[Question/bug?] Transformed HTML-to-text still includes "&"
Closed this issue · 4 comments
Hi @stevebauman thanks for developing this, I'm trying it out on a new project. I'm finding that the transformer does mostly what I'd like it to do, but even though it's decoding some HTML entities like
and “
it's leaving behind &
. Is there a reason this one is excluded?
example string: <p>Here's some text that is a bit “rough & ready”</p>
output: Here's some text that is a bit “rough & ready”
I think this is probably related to using HTMLPurifier, but since it seems the goal is to get to plain text, I'm wondering if maybe an extra step is needed in the transformation pipeline.

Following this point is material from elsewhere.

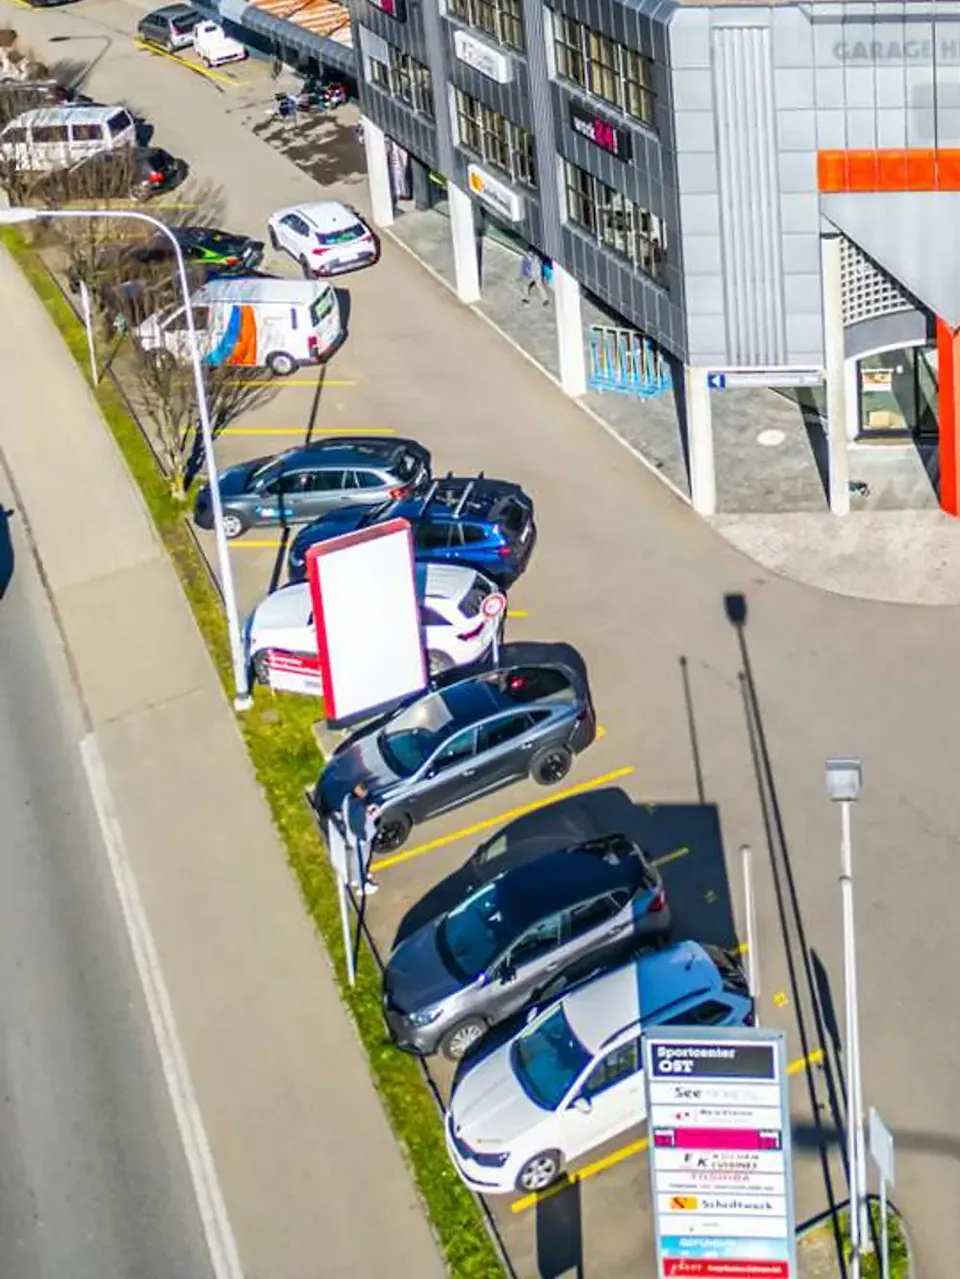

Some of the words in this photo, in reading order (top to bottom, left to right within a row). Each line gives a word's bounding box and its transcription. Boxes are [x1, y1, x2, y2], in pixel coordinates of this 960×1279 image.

[To clarify: I'm using this in the context of preparing text for a Meilisearch index, within a Laravel app.]
Hey @sgilberg, thanks for trying out hypertext!
Let me give this a shot -- I think we may just need to run html_entity_decode()

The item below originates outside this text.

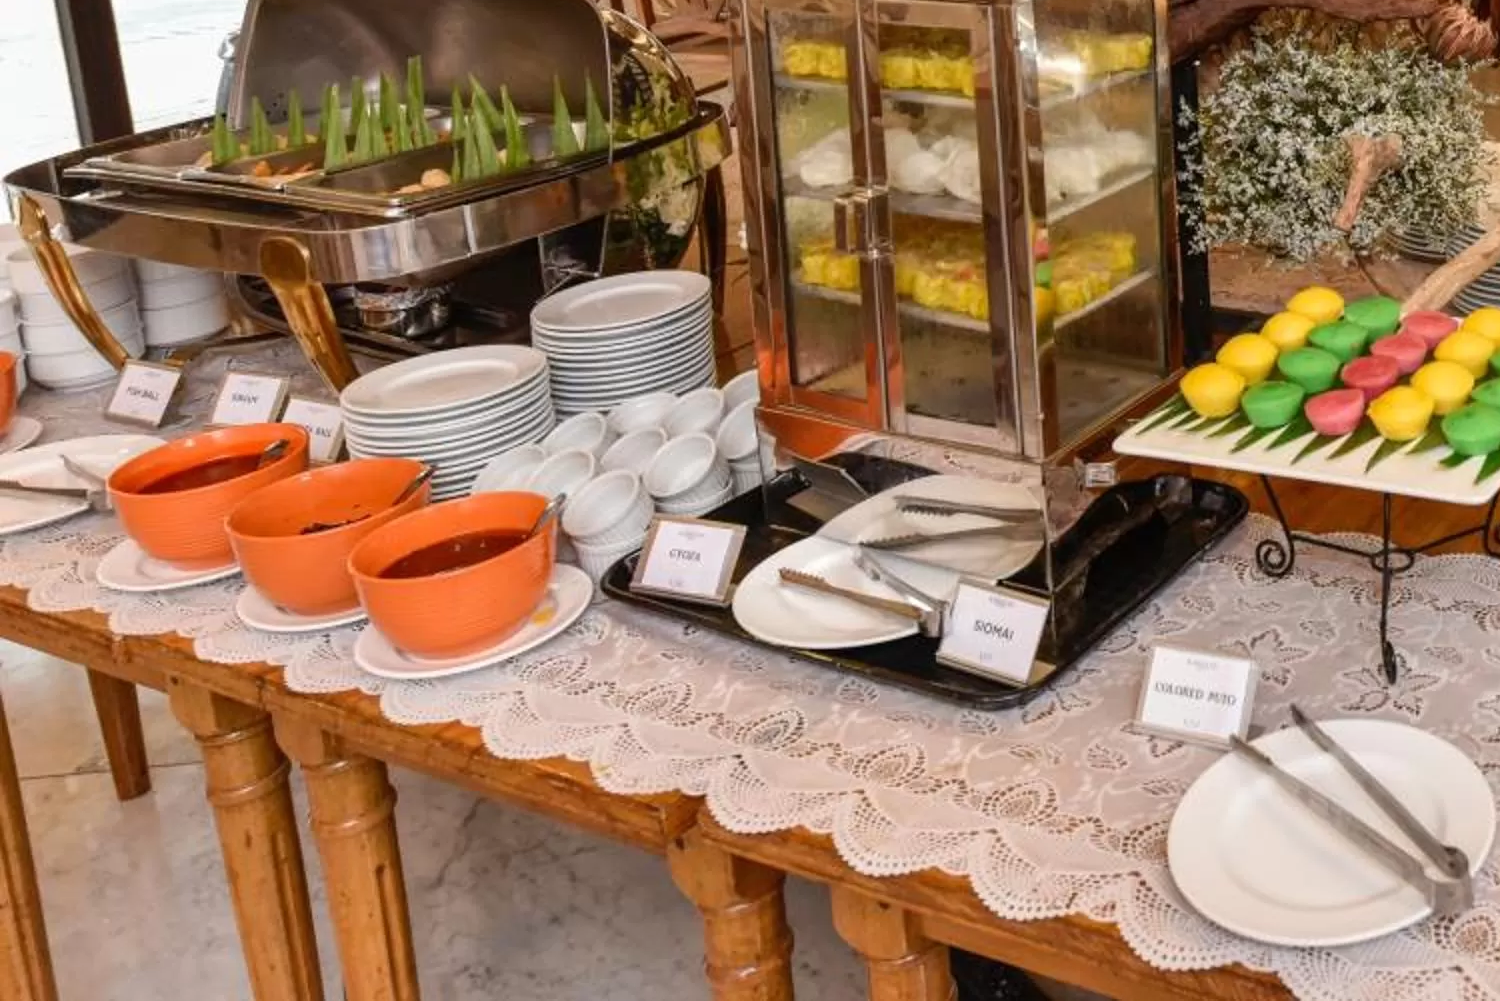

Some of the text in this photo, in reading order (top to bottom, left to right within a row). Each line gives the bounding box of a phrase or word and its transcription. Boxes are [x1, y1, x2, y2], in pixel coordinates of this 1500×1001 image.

[974, 619, 1015, 640] SIOMAI
[1154, 682, 1237, 706] COLORED PUTO

over the result before returning it.
I'm going to classify this as a bug 👍
Hey @sgilberg,
I've just resolved this in the latest v1.1.1 release.
I've added your example as a test case to ensure it's been covered:
hypertext/tests/Unit/TransformerTest.php
Lines 125 to 130 in 602396e
Run composer update
and you're all set! Thanks again for the report 🙏
Thanks @stevebauman confirmed this now works in my application, and I can now drop my own html_entity_decode()
workaround 👍
Excellent, great to hear @sgilberg. Appreciate you reporting back and confirming.